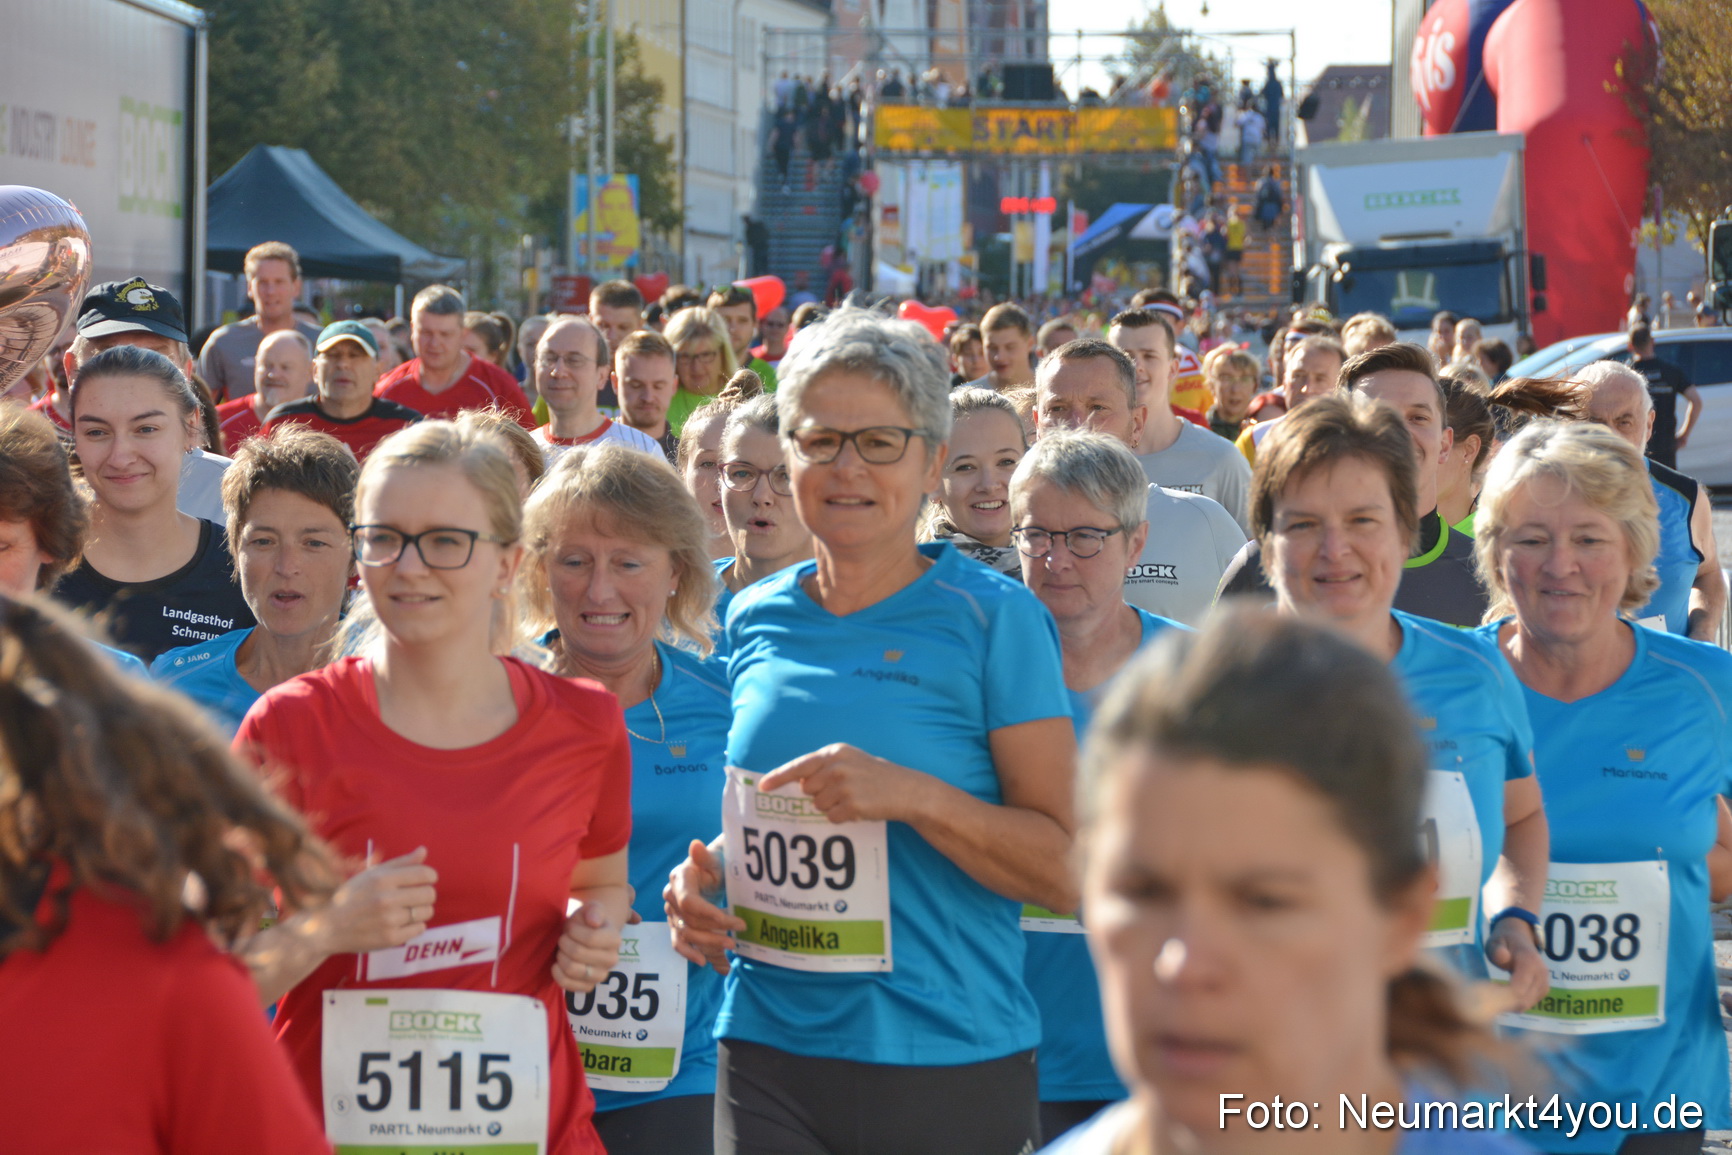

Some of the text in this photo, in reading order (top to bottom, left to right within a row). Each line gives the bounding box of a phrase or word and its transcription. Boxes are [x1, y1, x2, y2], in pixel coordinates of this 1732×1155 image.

[973, 113, 1078, 141] START
[1127, 564, 1178, 580] OCK
[162, 605, 234, 630] Landgasthof
[187, 652, 211, 663] JAKO
[654, 763, 708, 775] Barbara
[1602, 767, 1669, 781] Marianne
[743, 826, 856, 890] 5039
[754, 891, 830, 912] PARTL Neumarkt
[760, 918, 840, 951] Angelika
[1544, 912, 1642, 963] 038
[404, 936, 464, 964] DEHN
[1561, 971, 1615, 982] Neumarkt
[565, 971, 660, 1022] 035
[1532, 994, 1624, 1015] arianne
[389, 1010, 482, 1034] BOCK
[579, 1025, 632, 1040] Neumarkt
[356, 1050, 514, 1113] 5115
[369, 1122, 481, 1137] PARTL Neumarkt
┄┄┄┄┄┄
## ABOUT THIS EXERCISE
Without including any picture, copy the listing above exactly and in full.

## YOUR RESPONSE
Some of the text in this photo, in reading order (top to bottom, left to right within a row). Each line gives the bounding box of a phrase or word and its transcription. Boxes are [x1, y1, x2, y2], in pixel coordinates of this 1732×1155 image.

[973, 113, 1078, 141] START
[1127, 564, 1178, 580] OCK
[162, 605, 234, 630] Landgasthof
[187, 652, 211, 663] JAKO
[654, 763, 708, 775] Barbara
[1602, 767, 1669, 781] Marianne
[743, 826, 856, 890] 5039
[754, 891, 830, 912] PARTL Neumarkt
[760, 918, 840, 951] Angelika
[1544, 912, 1642, 963] 038
[404, 936, 464, 964] DEHN
[1561, 971, 1615, 982] Neumarkt
[565, 971, 660, 1022] 035
[1532, 994, 1624, 1015] arianne
[389, 1010, 482, 1034] BOCK
[579, 1025, 632, 1040] Neumarkt
[356, 1050, 514, 1113] 5115
[369, 1122, 481, 1137] PARTL Neumarkt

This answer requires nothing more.